## [Assignment]
Could you restate the entries word for word, without the images?

## [Data in this exercise]
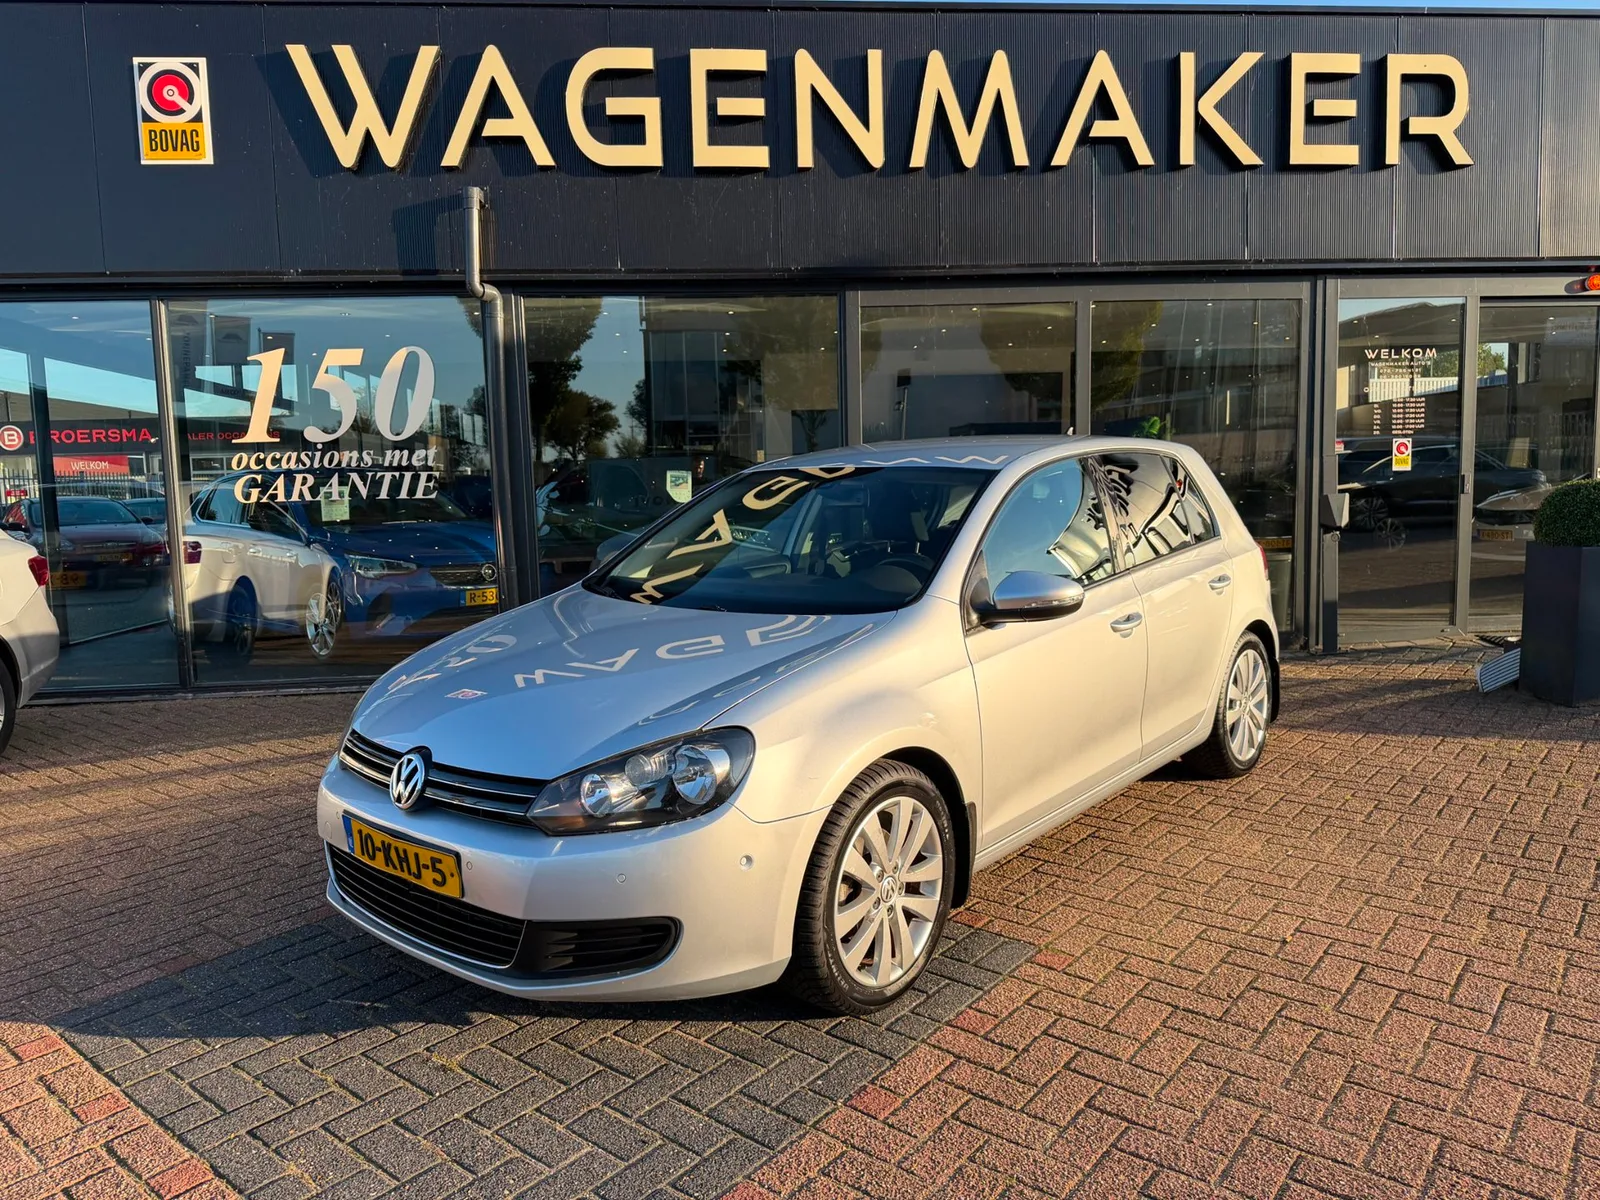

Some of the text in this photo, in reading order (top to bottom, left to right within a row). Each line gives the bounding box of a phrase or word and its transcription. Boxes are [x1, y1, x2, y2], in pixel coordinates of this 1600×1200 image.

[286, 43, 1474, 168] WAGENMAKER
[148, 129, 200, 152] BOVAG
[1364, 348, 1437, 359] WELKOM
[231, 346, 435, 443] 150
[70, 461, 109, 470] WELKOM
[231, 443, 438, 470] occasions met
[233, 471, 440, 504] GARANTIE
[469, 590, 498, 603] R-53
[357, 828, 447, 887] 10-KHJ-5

## [Answer section]
Some of the text in this photo, in reading order (top to bottom, left to right within a row). Each line gives the bounding box of a phrase or word and its transcription. Boxes are [x1, y1, x2, y2], in pixel coordinates of this 1600×1200 image.

[286, 43, 1474, 168] WAGENMAKER
[148, 129, 200, 152] BOVAG
[1364, 348, 1437, 359] WELKOM
[231, 346, 435, 443] 150
[70, 461, 109, 470] WELKOM
[231, 443, 438, 470] occasions met
[233, 471, 440, 504] GARANTIE
[469, 590, 498, 603] R-53
[357, 828, 447, 887] 10-KHJ-5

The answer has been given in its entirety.